Visit to Abayudaya [=Jews of Uganda]


This past weekend, I spent a really fascinating and relaxing Shabbat with the Jewish community of Uganda. Yes, for those who don’t know, there are really Ugandan Jews! They live in five small villages outside the northwest city of Mbale (about 4 hours from Kampala), and today they number about 1500. Apparently, the story goes that about 100 years ago, a man named Semei secluded himself from his community, read the bible, and decided he liked the Old Testament better than the new one. And that was that.
After traveling 1.5 hours on two “taxis” (mini-buses) from Namayumba to Kampala, another 4.5 hours on a (bigger) bus from Kampala to Mbale, and about ten minutes on a boda-boda (motorcycle taxi), I arrived in Nabugoye, the central village of the Abayudaya. I was greeted by Isaac, the manager of the guesthouse, as well as two other American Jewish volunteers who are staying there for some months. (Naturally, we spent a good while playing some intense Jewish Geography games of who-knows-who—shout-outs to Jews I know at Princeton and Neta Raanan-Lerner, if you ever come across this—and I felt immediately at home.) The guesthouse was a real treat. Running water, comfortable beds, tile floors, and three really hearty meals that included all sorts of delicious fruit and Ugandan peanut butter (which was a first for me)!! It was a nice break from my usual posho (corn-meal type thing) and beans twice a day. The village itself, too, was gorgeous—the area is surrounded by mountains and the air felt fresher out there, far from the busy-ness and dust of Kampala.
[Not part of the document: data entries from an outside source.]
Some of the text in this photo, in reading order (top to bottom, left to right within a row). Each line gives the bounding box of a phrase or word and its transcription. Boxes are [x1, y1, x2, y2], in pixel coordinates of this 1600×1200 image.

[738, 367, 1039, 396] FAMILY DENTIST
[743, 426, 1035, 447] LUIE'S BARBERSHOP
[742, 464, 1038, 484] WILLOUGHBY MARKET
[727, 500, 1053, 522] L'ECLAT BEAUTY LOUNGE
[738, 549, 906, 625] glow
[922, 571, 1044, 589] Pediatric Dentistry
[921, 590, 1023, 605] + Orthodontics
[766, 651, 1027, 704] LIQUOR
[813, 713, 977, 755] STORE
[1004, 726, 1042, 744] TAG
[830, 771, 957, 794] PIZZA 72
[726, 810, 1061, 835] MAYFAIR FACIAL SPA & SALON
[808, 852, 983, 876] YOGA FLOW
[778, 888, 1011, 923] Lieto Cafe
Friday night and Saturday morning I attended services at their synagogue –


On Friday evening they did Kabbalat Shabbat and then Maariv, and on Saturday they had Shacharit, a Torah service, and then Musaf. The services followed the Sim Shalom siddur and it all seemed familiar and traditional. They used several common melodies and also incorporated some beautiful original ones—and even sang some psalms in Luganda (the local language), which was all quite interesting. In terms of religiosity, they consider themselves to be conservative. Though men and women sit separately, women can lead services and read Torah, etc – and I was honored with an aliyah J. (Honorary Abayudaya here.) They also seemed to keep Shabbat pretty strictly, which I found out while trying to take a picture (yikes).
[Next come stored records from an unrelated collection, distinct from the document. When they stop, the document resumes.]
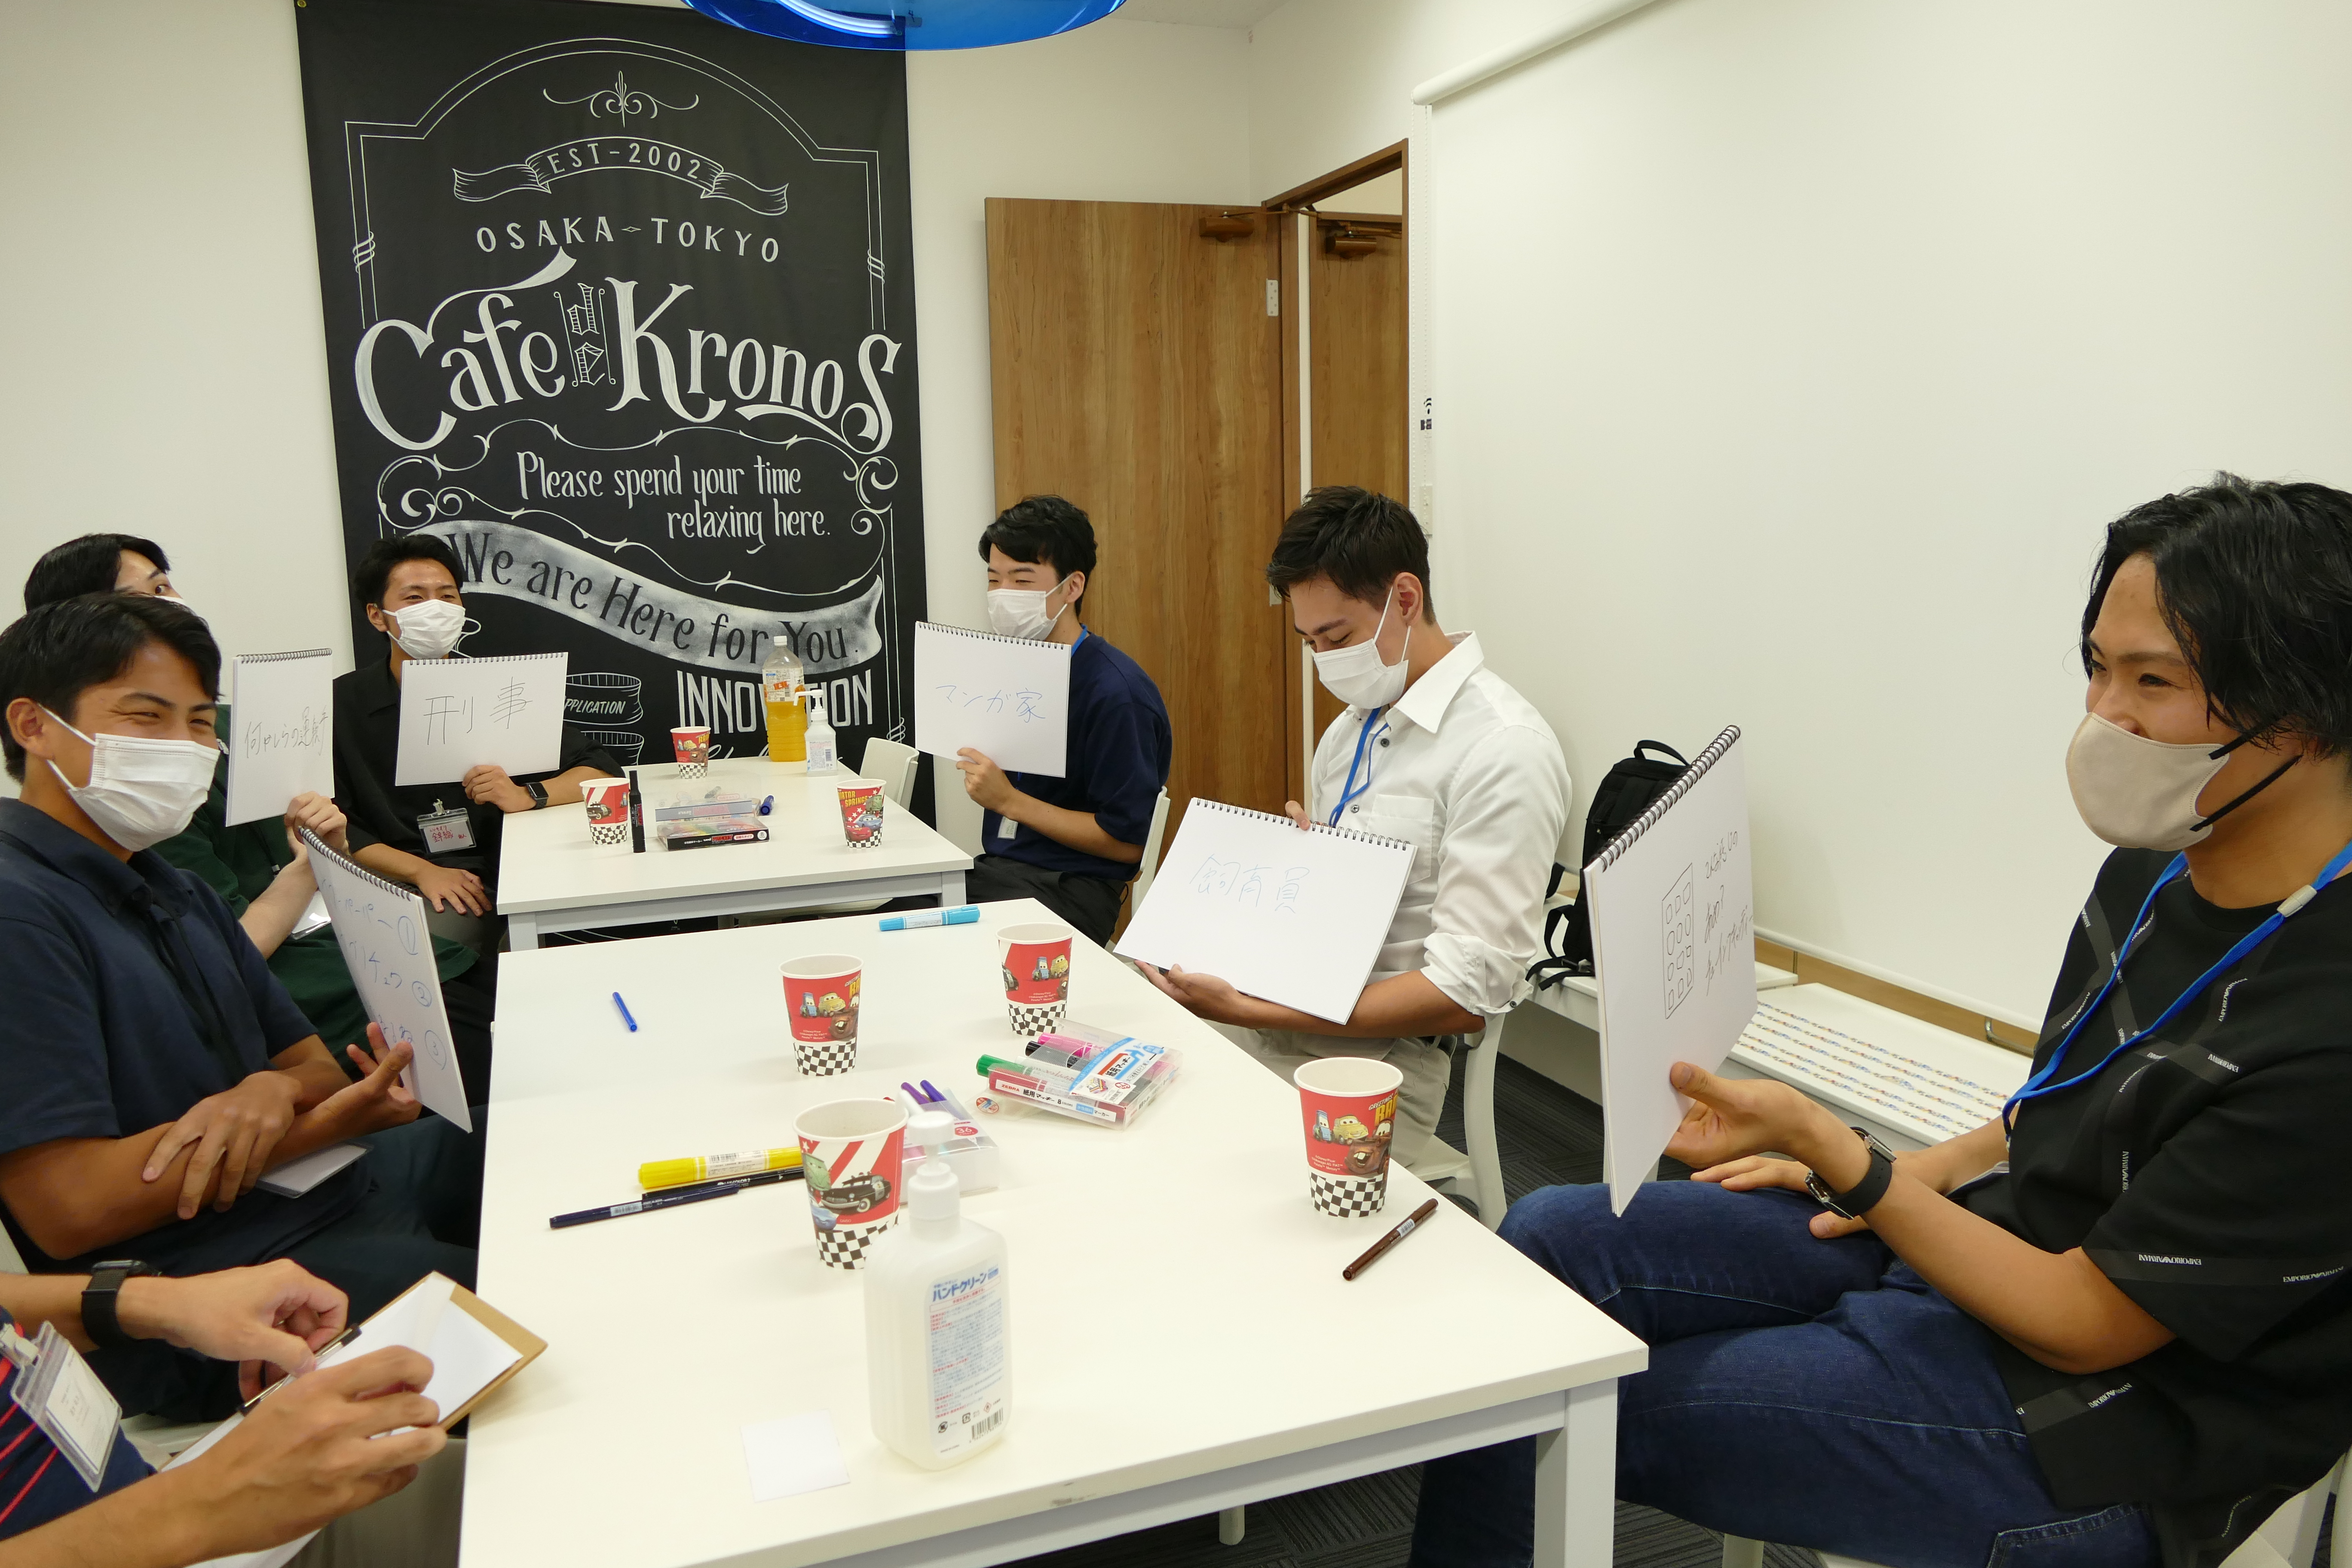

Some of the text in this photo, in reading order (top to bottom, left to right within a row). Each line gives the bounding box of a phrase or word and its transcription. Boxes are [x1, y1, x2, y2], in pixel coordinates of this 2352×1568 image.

[476, 215, 779, 262] OSAKA TOKYO
[518, 452, 802, 508] Please spend your time
[667, 499, 830, 554] relaxing here.
[448, 532, 513, 585] We
[528, 561, 593, 610] are
[600, 576, 695, 652] Here
[708, 613, 769, 663] for
[423, 677, 533, 745] 刑事
[564, 698, 626, 715] PPLICATION
[936, 685, 1046, 723] マンガ家
[1190, 854, 1310, 914] 飼育員
[1001, 1084, 1020, 1092] ZEBRA
[1023, 1089, 1055, 1102] 紙用マッキー
[932, 1272, 986, 1302] ハンドクリーン
Rabbi Gershom, the one ordained Rabbi of the Abayudaya, was really welcoming and engaging. He studied at American Jewish University in California and in Israel, and then returned to lead his community. After services on Saturday morning, he led a large discussion with everyone about the Parashah – Korach – which turned into a passionate and exciting debate about punishment, death, and God’s powers to destroy. The whole thing felt very Jewish—the way he encouraged disagreement, posed un-answerable questions, and made the learning a truly communal experience. I liked it; it was nice to be a part of when education here (from what I’ve seen/understood) often involves tons of lecturing, copying, memorizing, and repeating.
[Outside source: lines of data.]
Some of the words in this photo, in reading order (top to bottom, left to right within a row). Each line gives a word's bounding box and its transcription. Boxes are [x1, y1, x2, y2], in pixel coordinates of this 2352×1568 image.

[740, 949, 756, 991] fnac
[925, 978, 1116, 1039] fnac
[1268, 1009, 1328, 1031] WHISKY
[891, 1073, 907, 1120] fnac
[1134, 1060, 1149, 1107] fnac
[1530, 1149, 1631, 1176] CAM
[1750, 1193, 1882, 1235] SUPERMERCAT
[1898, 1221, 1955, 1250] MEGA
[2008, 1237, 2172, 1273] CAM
All in all, it was strange but exciting to be in a place that was at once so foreign and yet so close to home. The little kippahs the boys wore, the dancing during L’cha Dodi, the anxious (and often drool-inducing) wait to taste the challah after the motzie, were all things I knew from thousands of miles away—from a place with wireless internet and porcelain toilet seats and white people that don’t immediately stand out as mzungu!!’s. I grew comfortable so fast, and wish I could have stayed longer. It’s true, I suppose, what they taught me at Grossman: “Wherever you go, there’s always someone Jewish, You’re never alone when you say you’re a Jew, so when you’re not home and you’re someplace kinda new-ish… the odds are, don’t look far, cuz they’re Jewish too!” [I could insert lyrics from Yavneh’s “Minyan Man” as well, but honestly that song’s about Alabama, and I’m halfway across the world here. It doesn’t apply quite as well.]
This could be my last blog entry while in Uganda, as I return home on Wednesday (bitter-sweet feelings all around), but I’ll for sure add some closing remarks from home. Which will of course be supa exciting so be on your toes. Thanks for following my travels – I’m excited to see Boston again and everyone at home!

1 comment:

  1. Formo, when we were in like arayot or something there was a Ugandan Jew at Yavneh!